## Re-Thinking Statistics

I came across this paper on teaching statistics last week. It changed the way I think about teaching statistics. Here is my summary of what the paper says.

Our approach statistics mirrors our move from a geocentric view of the solar system to a heliocentric view. The problem with the geocentric view was that it did not perfectly predict the paths of the planets. In particular, planets would sometimes engage in retrograde motion, where the planet would move in the “wrong” direction in the sky from what the geocentric theory predicted. This was “solved” by adding epicycles. The epicycles solved some of the problems, but not all. In all, about 80 epicycles were added to help explain why the pure geocentric model did not fit the data perfectly. Of course, no epicycles are needed for the heliocentric model, so this is a better model.

Cobb, the author of the above article, says that statistics is similar. If we take a sample, we want the sample distribution to be roughly normal (which it can be, thanks to the Central Limit Theorem). The first reason for a statistical “epicycle” is that we are required to know the population standard deviation, which is normally not something we can know. We can estimate this by looking at the sample standard deviation, but this change means that our distribution is no longer normal. The statistical epicycle that “fixes” this that we can use Student’s $t$-distribution. If we want to compare numerical data from two populations and the samples have different standard deviations, then we no longer have a $t$-distribution. So now we add another statistical epicycle and introduce degrees of freedom (etc).

Cobb argues that all of these statistical epicycles distract students from good statistical thinking—the students dwell on the details of the statistical epicycles rather than thinking about inference actually means. He proposes using simulation as a way out of this (and direct calculation of some small examples so that students know what the simulation is doing). This used to be prohibitively computationally expensive, but no longer. He quotes Fisher from 1936 as: “the statistician does not carry out this very simple and very tedious process, but his conclusions have no justification beyond the fact that they agree with those which could have been arrived at by this elementary method.”

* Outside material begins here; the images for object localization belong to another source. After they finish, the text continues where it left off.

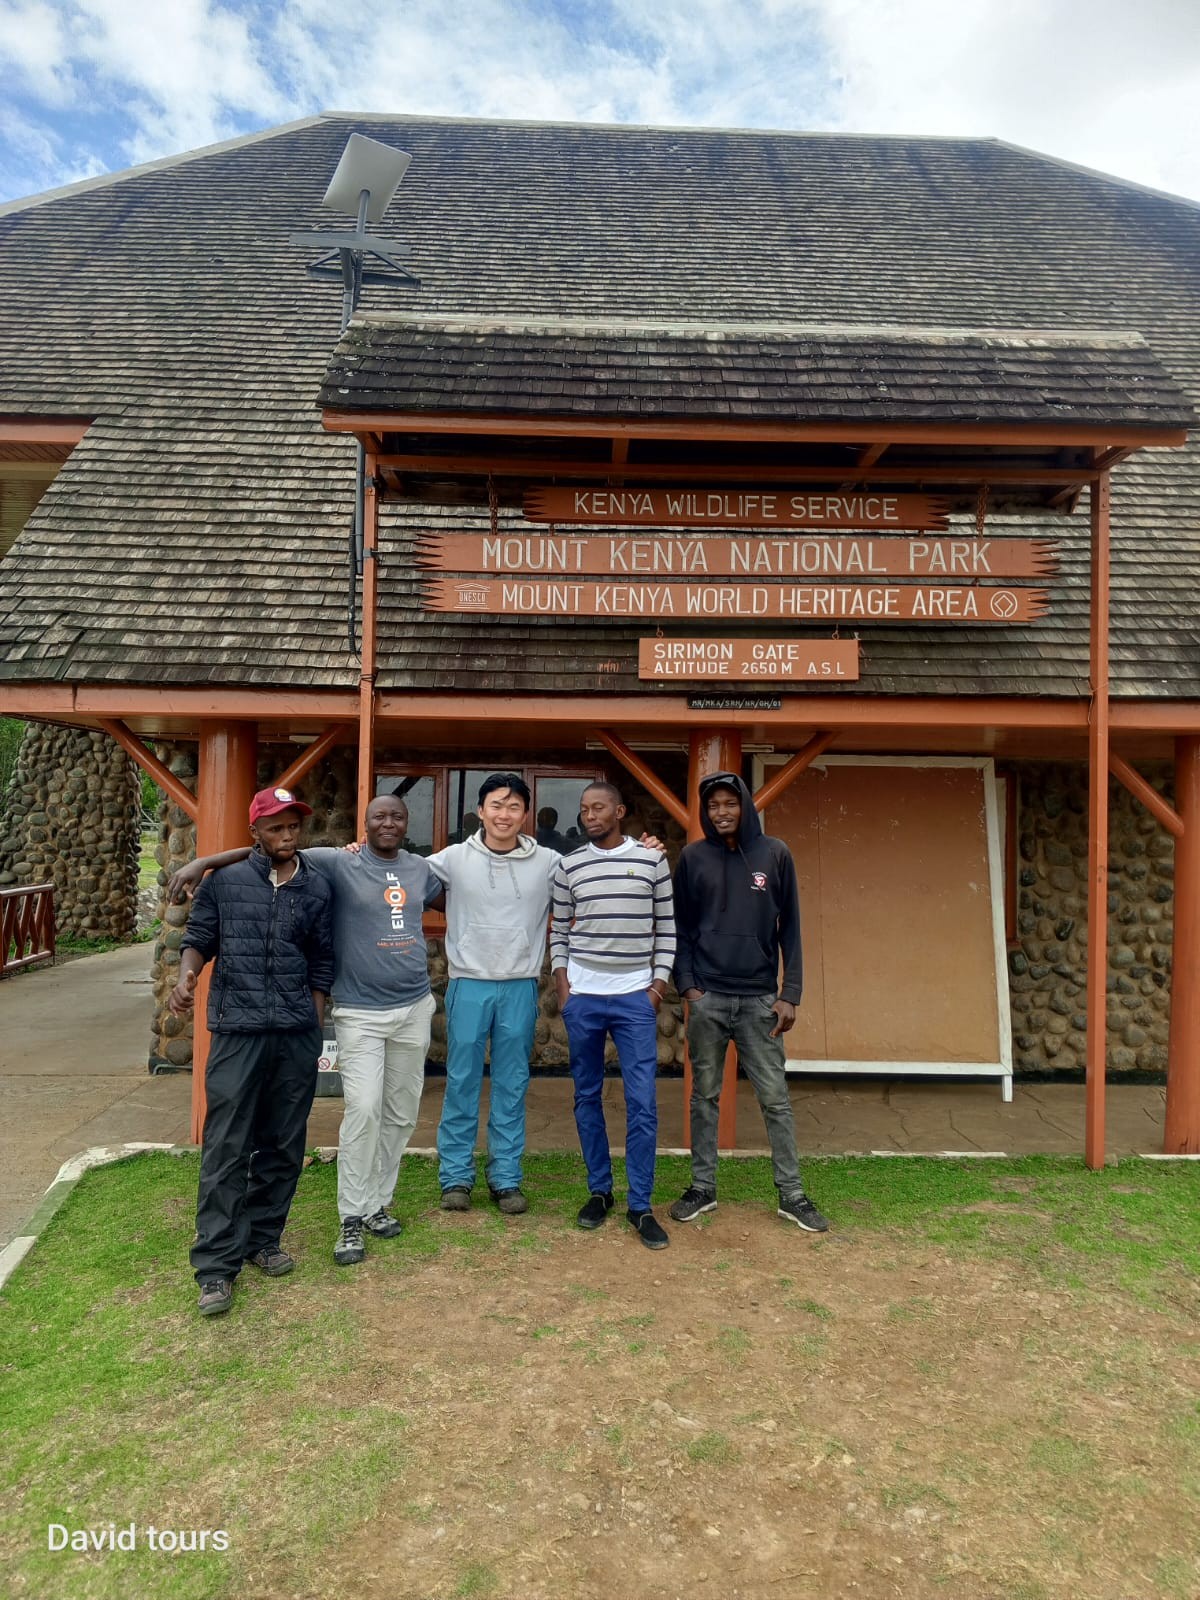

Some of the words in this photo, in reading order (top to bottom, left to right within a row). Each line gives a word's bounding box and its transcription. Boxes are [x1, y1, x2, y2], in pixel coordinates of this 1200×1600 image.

[574, 492, 655, 515] KENYA
[666, 494, 777, 518] WILDLIFE
[790, 496, 899, 520] SERVICE
[482, 538, 588, 570] MOUNT
[609, 540, 709, 572] KENYA
[730, 541, 887, 572] NATIONAL
[908, 541, 992, 573] PARK
[459, 591, 486, 602] UNESCO
[502, 583, 584, 611] MOUNT
[594, 586, 674, 613] KENYA
[686, 587, 768, 614] WORLD
[779, 588, 900, 615] HERITAGE
[911, 590, 978, 617] AREA
[654, 643, 733, 659] SIRIMON
[752, 644, 800, 660] GATE
[654, 661, 729, 674] ALTITUDE
[386, 872, 404, 929] EINOLF

Here is the example that Cobb gives for how to teach inference. Suppose that you want to determine if some new medical intervention decreases the recovery time for surgery patients. You have a control group and a treatment group with 3 and 4 patients, respectively. Cobb proposes that instead of doing anything about normal distributions, you simply do a permutation test: you assume that the intervention made no difference, then look at all of the 7-choose-3 ways that the seven patients could have been divided up into control and treatment groups. You calculate the statistics for all 7-choose-3 divisions, and then you figure out how many of those are at least as extreme as the data you actually got—that is your $p$-value. In the case of really large numbers, you would just simulate doing this a bunch of times, and figure out what percentage of the simulations are at least as extreme as the data from your study.

I have been on board with doing simulations for a couple of years now, but this paper gave me a new insight: I had been thinking about simulation as being a way for students to understand things related to the normal distribution, but Cobb is saying that the focus should be on statistical thinking rather than the normal distributions that I was focused on.

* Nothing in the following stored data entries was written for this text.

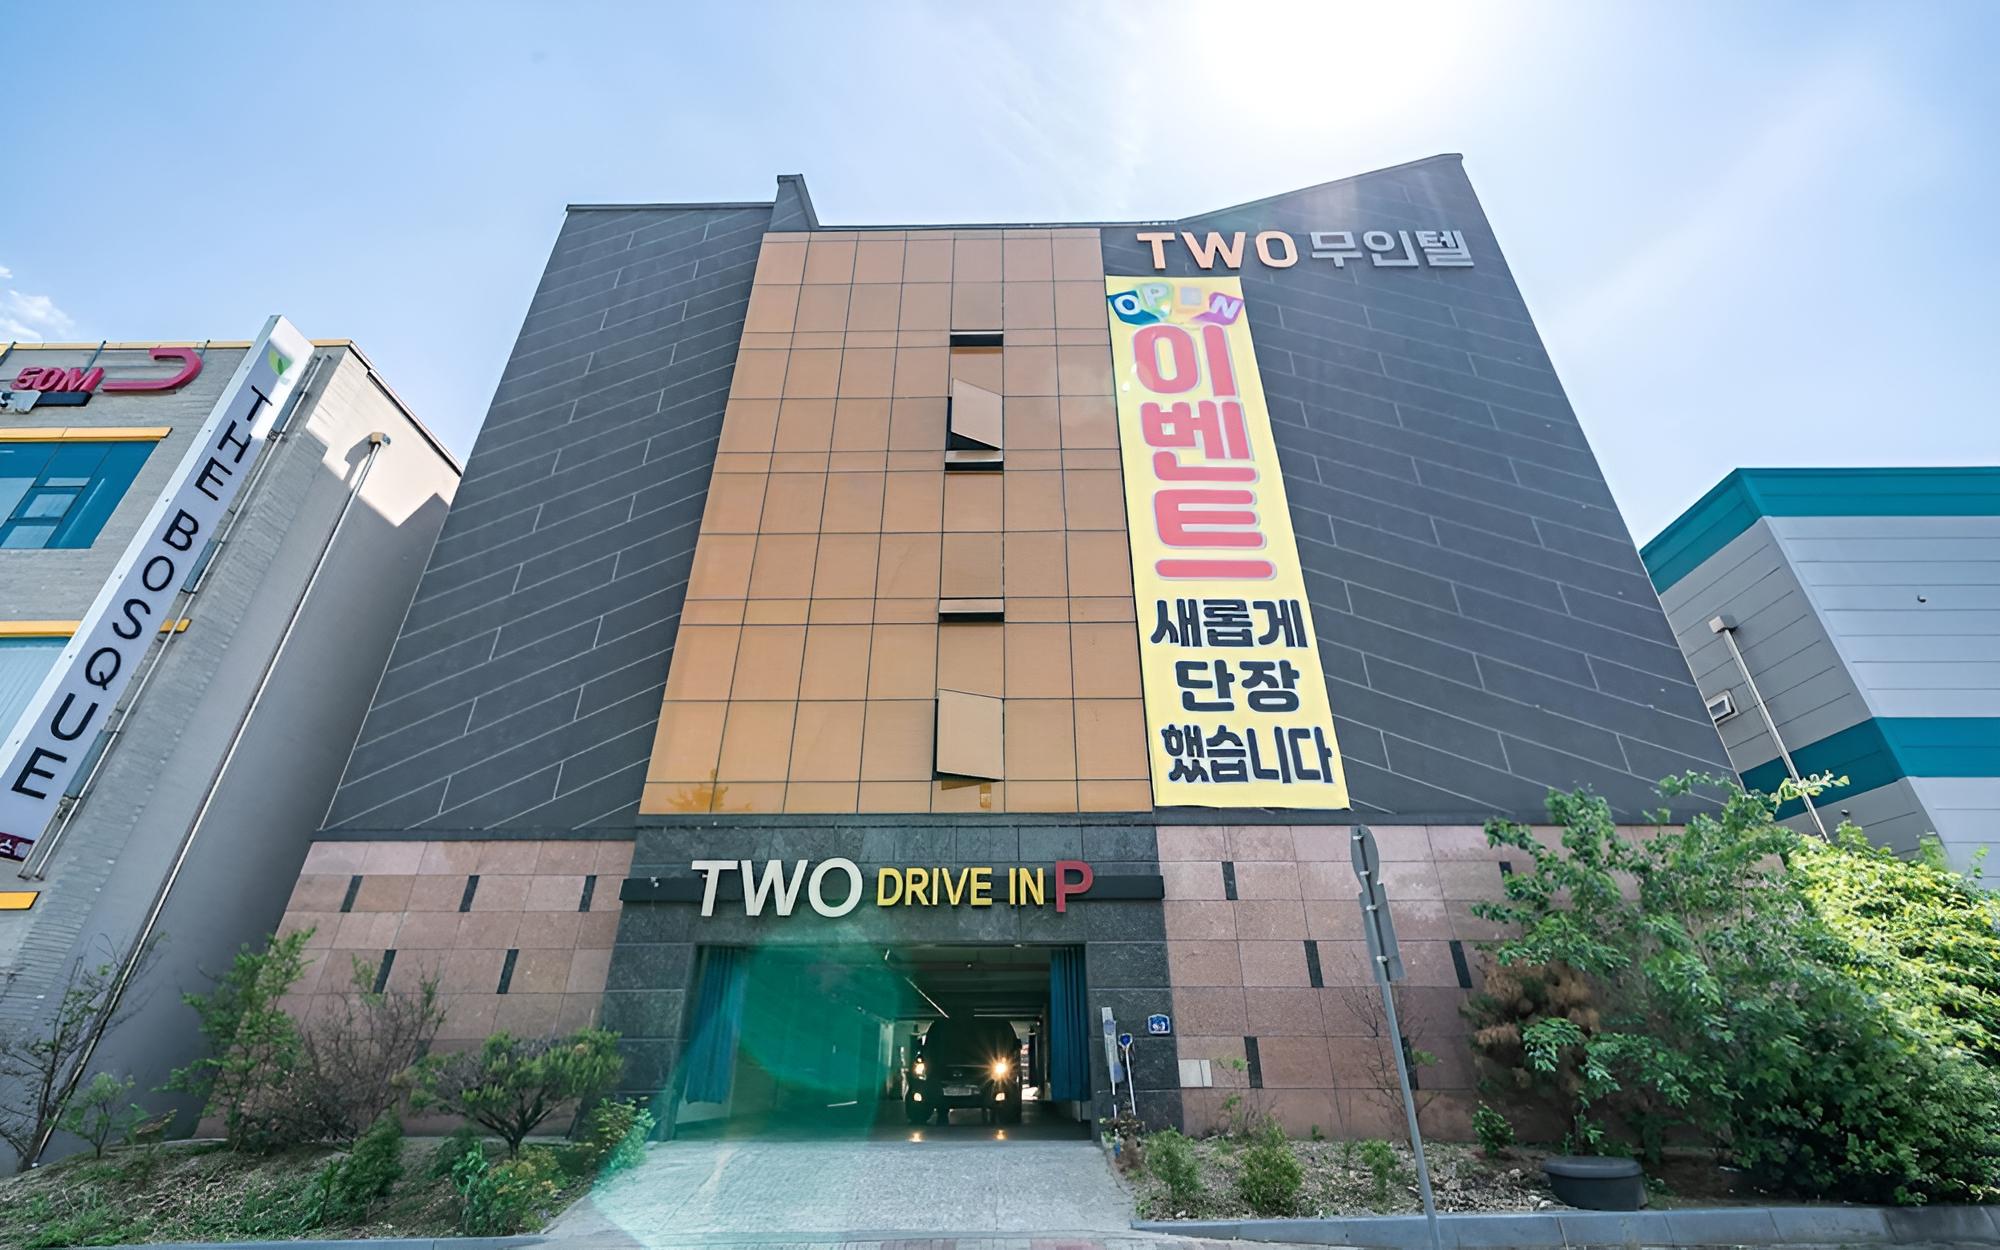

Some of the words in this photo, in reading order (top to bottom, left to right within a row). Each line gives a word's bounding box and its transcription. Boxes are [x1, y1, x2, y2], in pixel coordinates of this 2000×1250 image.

[1136, 230, 1299, 270] TWO
[1310, 230, 1475, 268] 무인텔
[1114, 282, 1241, 319] OPN
[10, 367, 104, 392] 50M
[195, 385, 272, 501] THE
[1132, 324, 1277, 581] 이벤트
[1150, 599, 1308, 647] 새롭게
[11, 509, 200, 800] BOSQUE
[1175, 659, 1300, 713] 단장
[1161, 724, 1334, 784] 했습니다
[691, 857, 864, 918] TWO
[877, 867, 993, 907] DRIVE
[1009, 867, 1045, 907] IN
[1055, 860, 1094, 913] P

One big barrier for me to realize this earlier is that I am a mathematician teaching statistics—this point may be completely obvious to a statistician (or a more competent mathematician), but I was too ignorant of statistics to realize that there is an underlying statistical thinking that I should be focusing on (maybe I was aware of it, but I didn’t think about it enough). I had tunnel-vision about what I was “supposed” to teach, and didn’t realize that I should be teaching something more foundational. I will try to remember these statistical blinders of mine when I see a student thinking the same way about, say, calculus (“I just want to plug stuff into the formula.”).

### 4 Responses to “Re-Thinking Statistics”

1. Andy Rundquist Says:

Love this. I have felt the same way about presenting data with error bars. Why not just print tiny histograms? Is there a good text for this approach?

2. gasstationwithoutpumps Says:

Permutation tests are a standard technique that is widely used these days—they should definitely be taught, though sampling permutations is much more common than exhaustive enumeration (anything small enough to enumerate exhaustively is probably too small to be useful).

One limitation of your approach is the focus on p-values, which are valuable for single-hypothesis tests, but misleading when there are many hypotheses being explored. Looking a E-values with multiple hypotheses is less likely to lead to p-hacking.